[Working data — start]

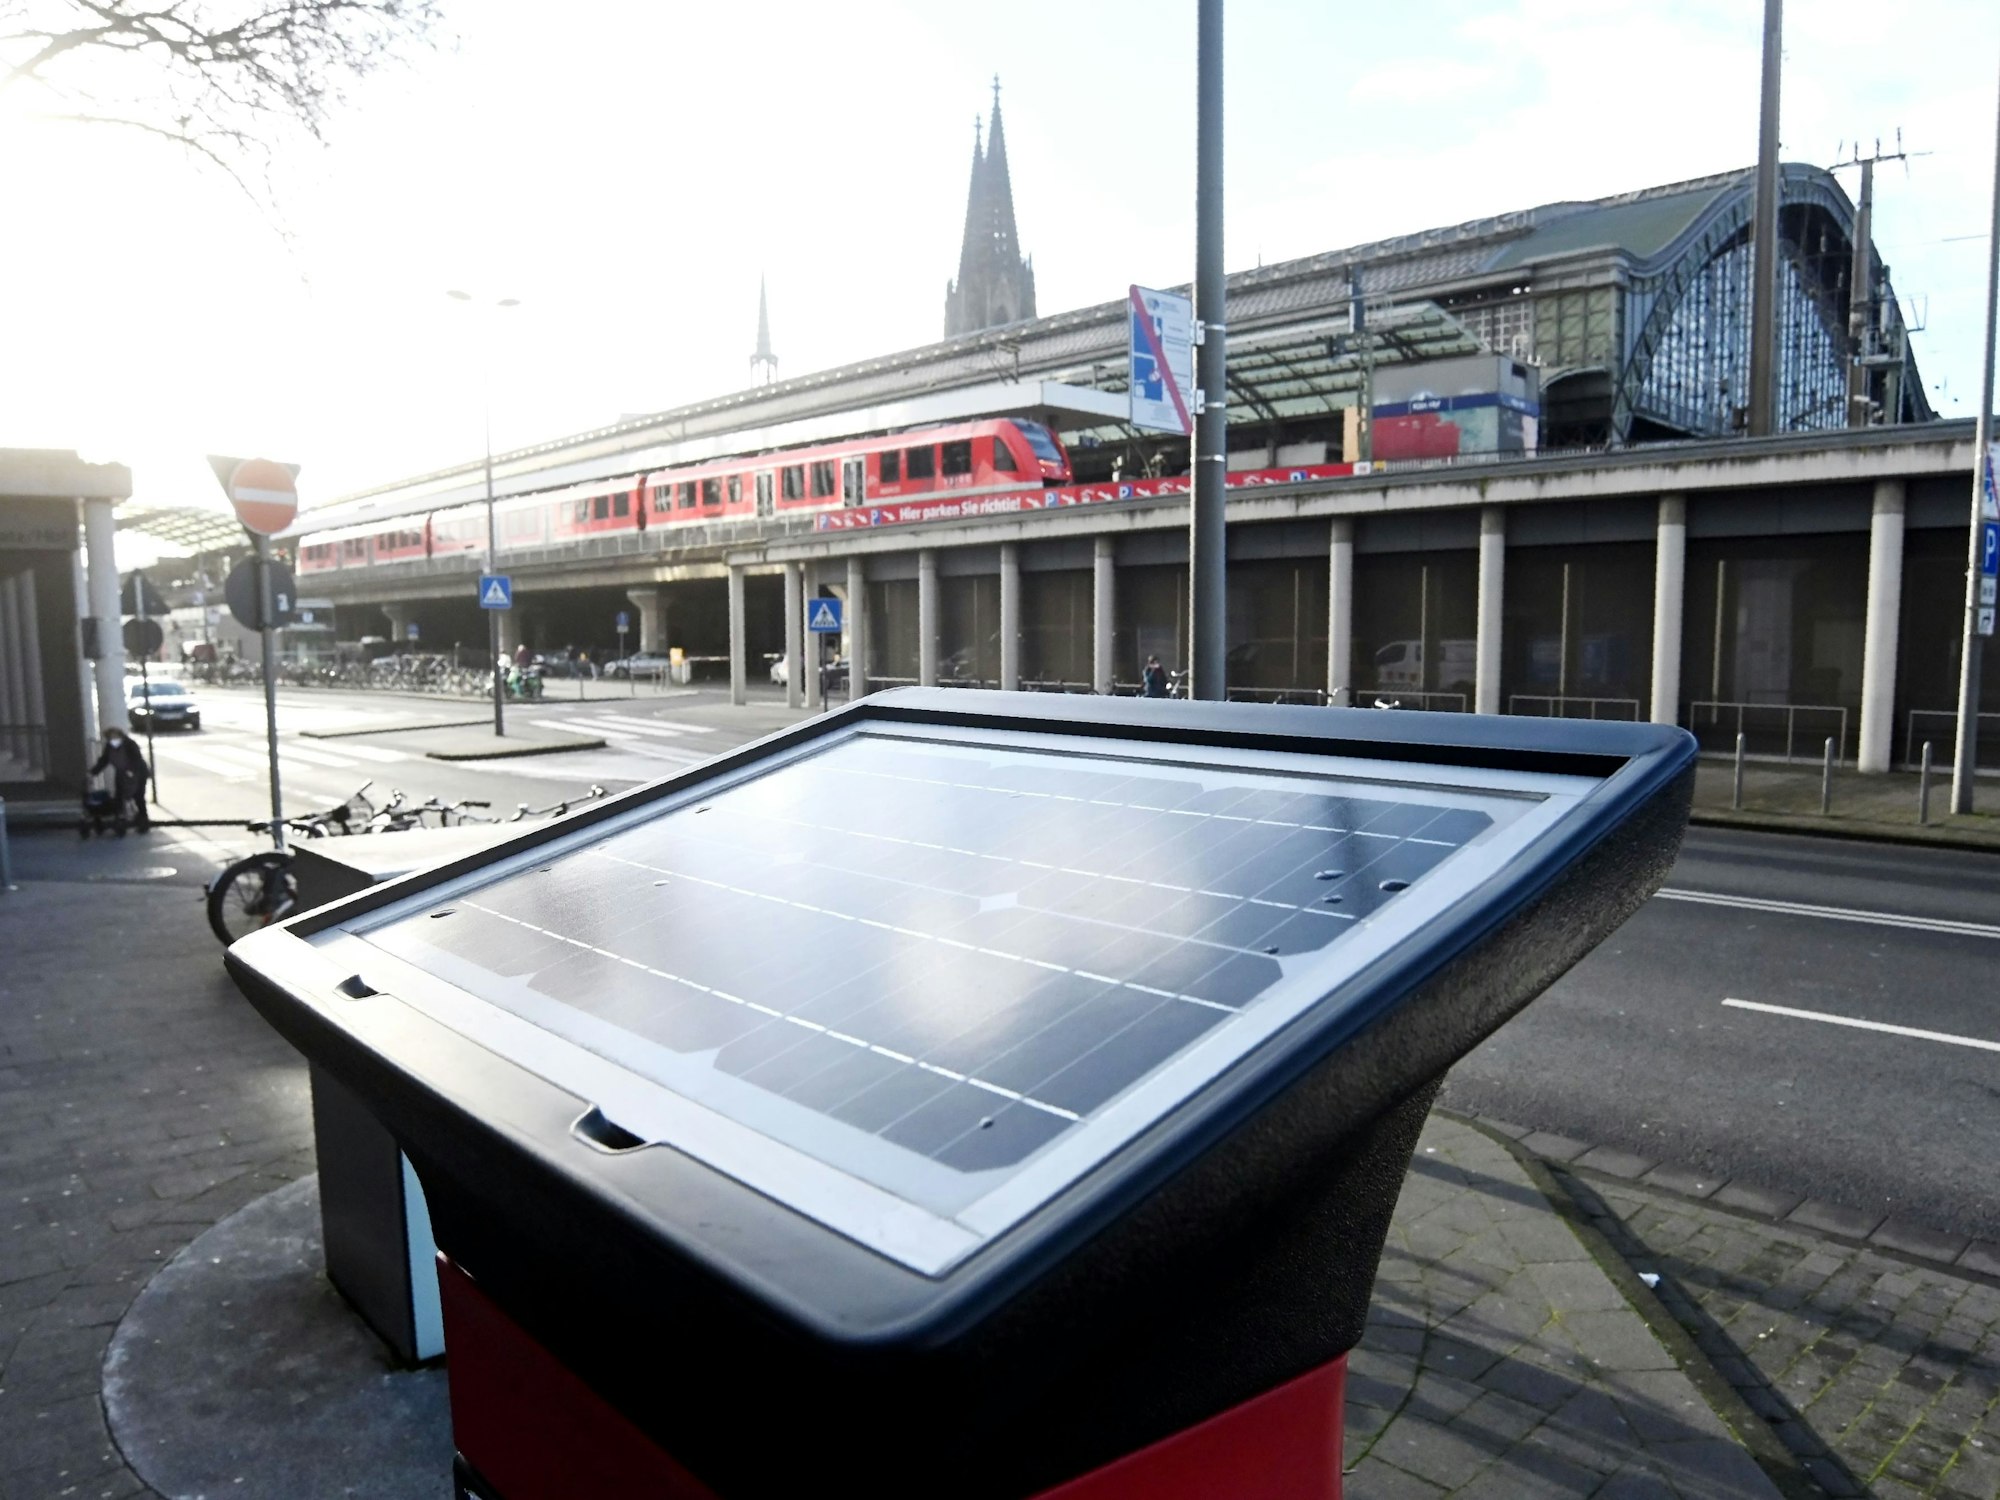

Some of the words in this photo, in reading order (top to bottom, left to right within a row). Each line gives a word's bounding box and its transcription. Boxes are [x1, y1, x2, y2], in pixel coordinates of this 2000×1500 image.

[899, 506, 922, 521] Hier
[922, 503, 960, 522] parken
[961, 499, 978, 516] Sie
[1985, 528, 1996, 568] P
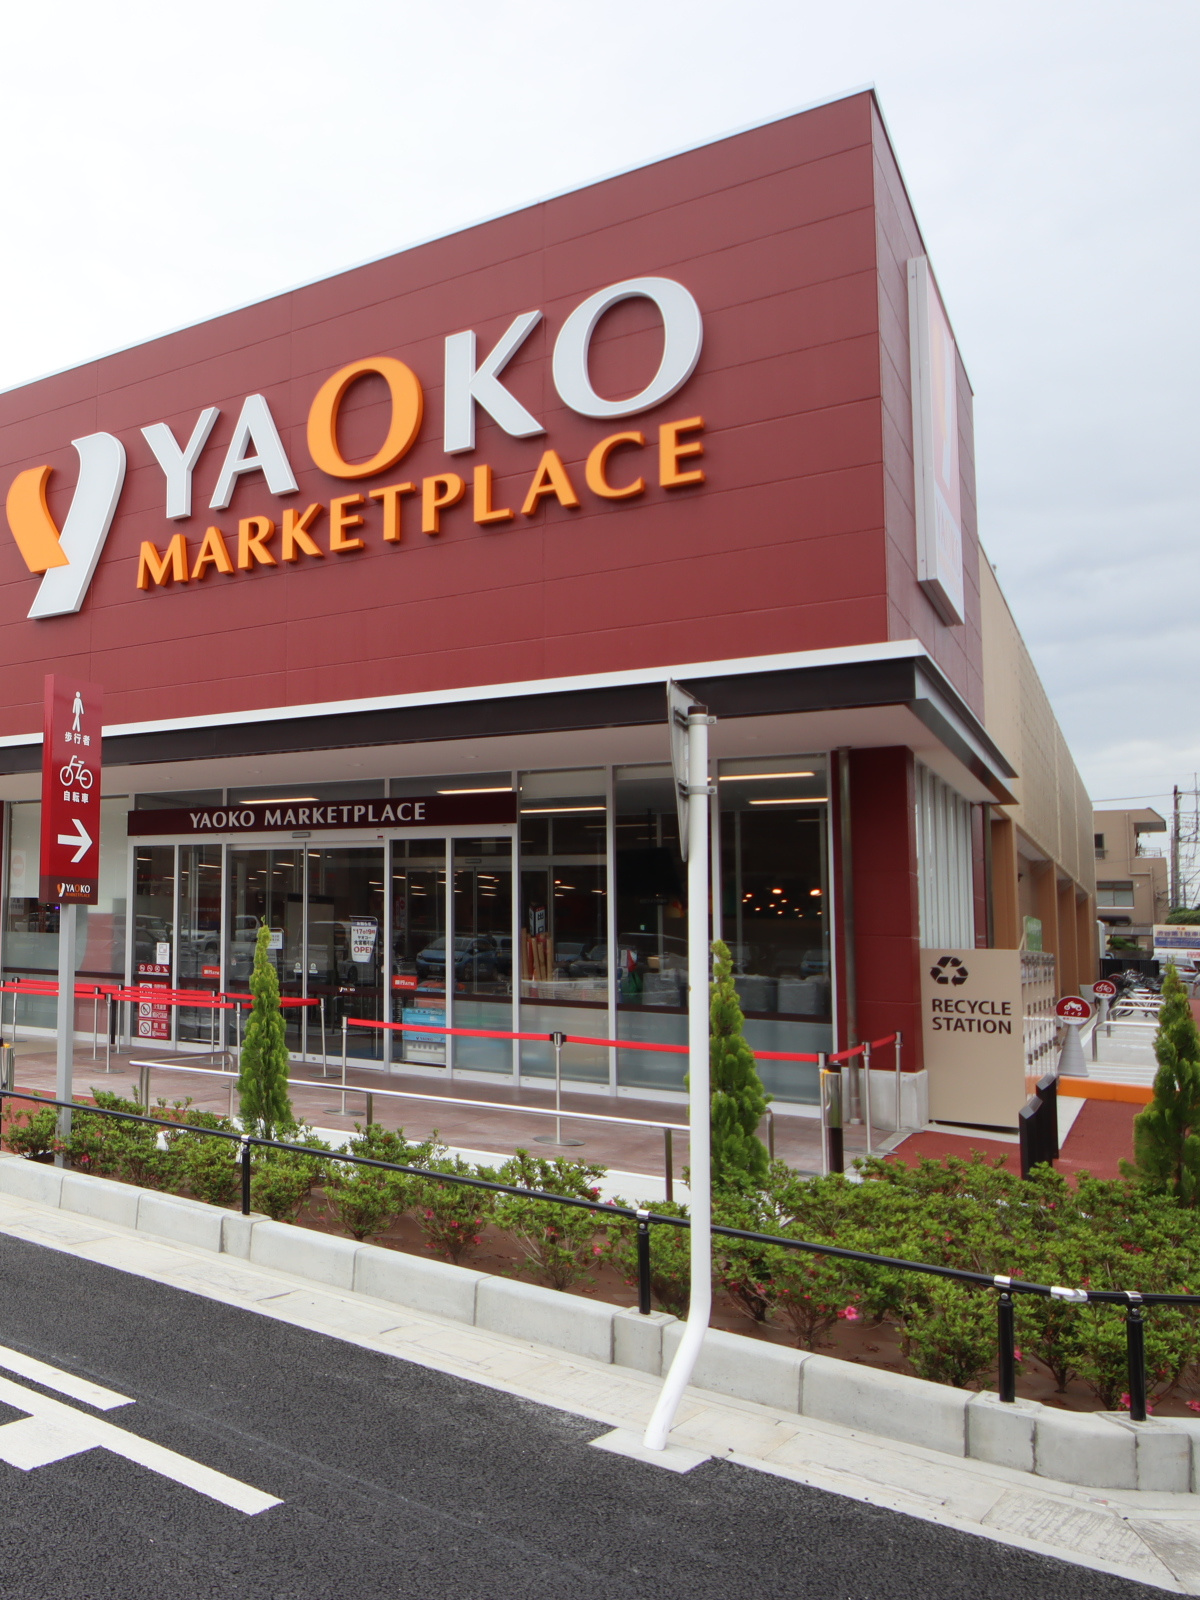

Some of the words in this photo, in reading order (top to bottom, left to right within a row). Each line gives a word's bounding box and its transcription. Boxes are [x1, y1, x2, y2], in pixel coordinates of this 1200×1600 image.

[140, 276, 704, 520] YAOKO
[136, 416, 705, 592] MARKETPLACE
[64, 731, 91, 747] 歩行者
[63, 790, 90, 804] 自転車
[190, 810, 255, 829] YAOKO
[264, 802, 426, 826] MARKETPLACE
[65, 884, 91, 894] YAOKO
[931, 998, 1012, 1016] RECYCLE
[932, 1016, 1012, 1034] STATION

[Working data — finish]

(What you need to do): The answer should match the data above word for word, with no pictures in it.

(Exercise result):
Some of the words in this photo, in reading order (top to bottom, left to right within a row). Each line gives a word's bounding box and its transcription. Boxes are [x1, y1, x2, y2], in pixel coordinates of this 2000×1500 image.

[899, 506, 922, 521] Hier
[922, 503, 960, 522] parken
[961, 499, 978, 516] Sie
[1985, 528, 1996, 568] P

Some of the words in this photo, in reading order (top to bottom, left to right within a row). Each line gives a word's bounding box and its transcription. Boxes are [x1, y1, x2, y2], in pixel coordinates of this 1200×1600 image.

[140, 276, 704, 520] YAOKO
[136, 416, 705, 592] MARKETPLACE
[64, 731, 91, 747] 歩行者
[63, 790, 90, 804] 自転車
[190, 810, 255, 829] YAOKO
[264, 802, 426, 826] MARKETPLACE
[65, 884, 91, 894] YAOKO
[931, 998, 1012, 1016] RECYCLE
[932, 1016, 1012, 1034] STATION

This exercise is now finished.